Das türkische Verfassungsgericht hat am Montag mit den Verhandlungen über ein Verbot der Regierungspartei AKP begonnen. Beobachter rechneten mit einer Entscheidung bis Mitte der Woche. Der Partei von Regierungschef Recep Tayyip Erdogan wird von der Staatsanwaltschaft vorgeworfen, offen und verdeckt die Islamisierung des weltlichen (laizistischen) Staates zu betreiben. Generalstaatsanwalt Abdurrahman Yalcinkaya hatte vor dem Prozess gesagt, es gebe "eine klare und gegenwärtige Gefahr, dass die AKP das (islamische) Scharia-Recht einführen möchte".

Streit um Trennung von Staat und Religion
Seit Monaten schwelt in der Türkei eine schwere innenpolitische Krise. Die AKP auf der einen Seite sowie Opposition und Armee auf der anderen streiten um die von Republikgründer Mustafa Kemal Atatürk verfügte Trennung von Staat und Religion. Die Staatsanwaltschaft will neben einem Parteienverbot erreichen, dass Erdogan, Präsident Abdullah Gül sowie 69 weitere AKP-Führungskräfte sich nicht mehr politisch betätigen dürfen. Die elf Richter werden bis zu einer Entscheidung täglich verhandeln. Sie haben drei Möglichkeiten: den Fall abzulehnen, dem Antrag stattzugeben oder die staatliche Finanzierungshilfe für die Partei zu streichen.

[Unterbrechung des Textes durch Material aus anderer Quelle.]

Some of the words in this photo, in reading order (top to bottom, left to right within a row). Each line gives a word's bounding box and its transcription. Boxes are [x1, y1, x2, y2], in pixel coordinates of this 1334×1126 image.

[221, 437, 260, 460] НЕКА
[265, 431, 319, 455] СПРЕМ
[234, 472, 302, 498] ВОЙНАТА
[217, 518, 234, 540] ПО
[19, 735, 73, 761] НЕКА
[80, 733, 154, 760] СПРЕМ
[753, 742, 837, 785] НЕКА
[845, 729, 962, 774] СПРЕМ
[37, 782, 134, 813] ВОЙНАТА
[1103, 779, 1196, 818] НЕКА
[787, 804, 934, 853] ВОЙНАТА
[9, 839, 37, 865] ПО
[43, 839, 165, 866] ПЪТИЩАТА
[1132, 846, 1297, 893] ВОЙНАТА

Erdogan forderte Aufhebung des Kopftuchverbotes
Der Berichterstatter des Gerichts hatte vor zwei Wochen seinen Kollegen empfohlen, die Partei nicht zu verbieten. Sie nutze lediglich die Meinungsfreiheit. Die Staatsanwaltschaft stützt sich in ihrer Anklage in erster Linie auf Äußerungen Erdogans. So hatte der Regierungschef gefordert, das Kopftuch sowohl als religiöses als auch als politisches Symbol in den Hochschulen zuzulassen. Im Februar 2008 fiel auf Initiative der AKP das Kopftuchverbot, bis es vier Monate später vom Verfassungsgericht wieder eingeführt wurde. Damit dürfen Frauen, die Kopftücher tragen, vorerst weiter nicht Universitäten betreten.

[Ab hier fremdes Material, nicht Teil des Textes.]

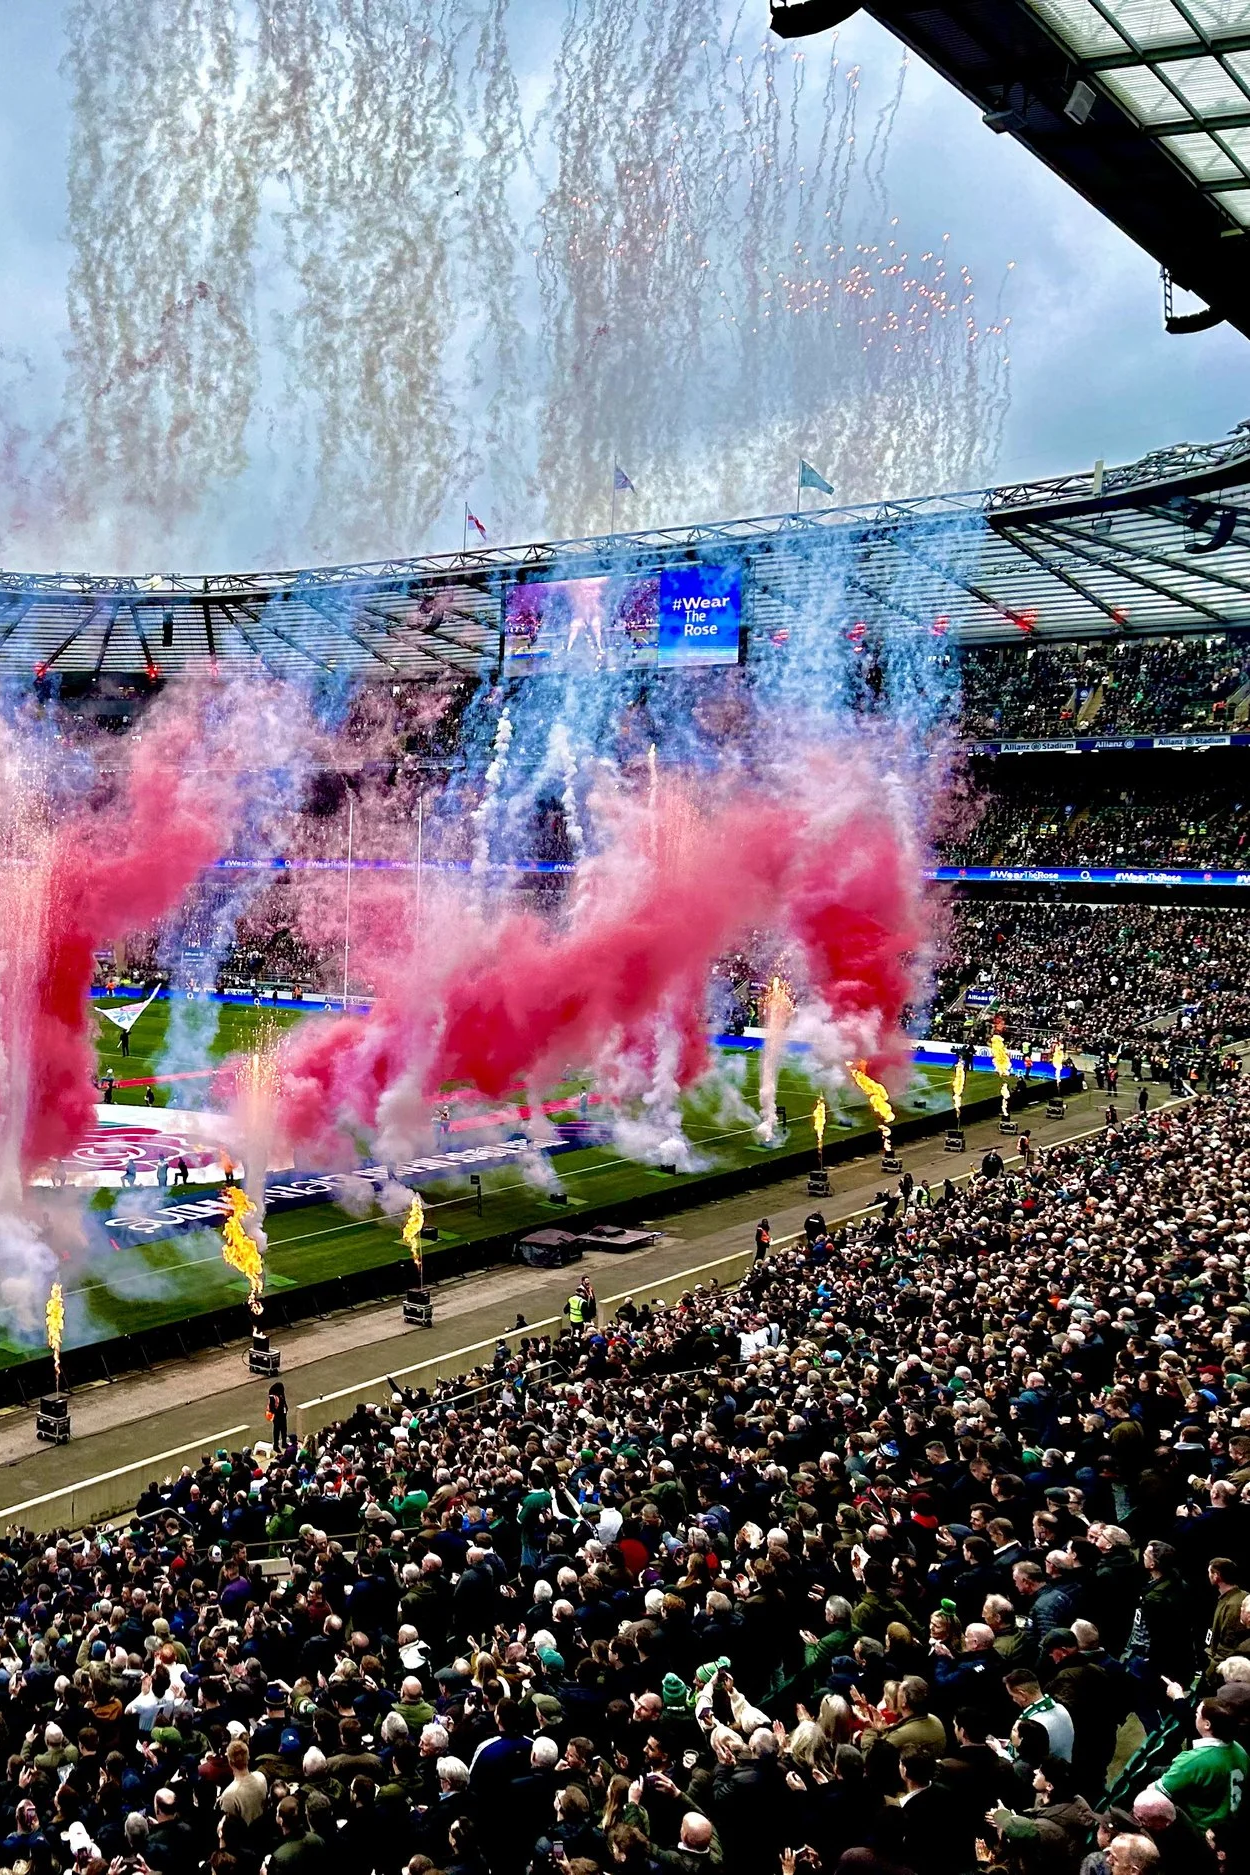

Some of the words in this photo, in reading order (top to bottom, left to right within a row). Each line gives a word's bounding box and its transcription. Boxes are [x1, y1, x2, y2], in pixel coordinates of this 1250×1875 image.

Der Staatsanwalt wirft Erdogan außerdem vor, die türkischen Frauen am Weltfrauentag aufgefordert zu haben, mindestens drei Kinder zu bekommen. Zudem habe er angedeutet, im Zweifel auch eine Abspaltung des Kurdengebiets im Nordosten des Landes billigen zu wollen. AKP-Versuche, Alkoholkonsum nach islamischen Vorbild in der Öffentlichkeit zu verbieten, werden von der Staatsanwaltschaft ebenfalls genannt. Die AKP hatte in den Wahlen im vergangenen Jahr 47 Prozent der Stimmen geholt.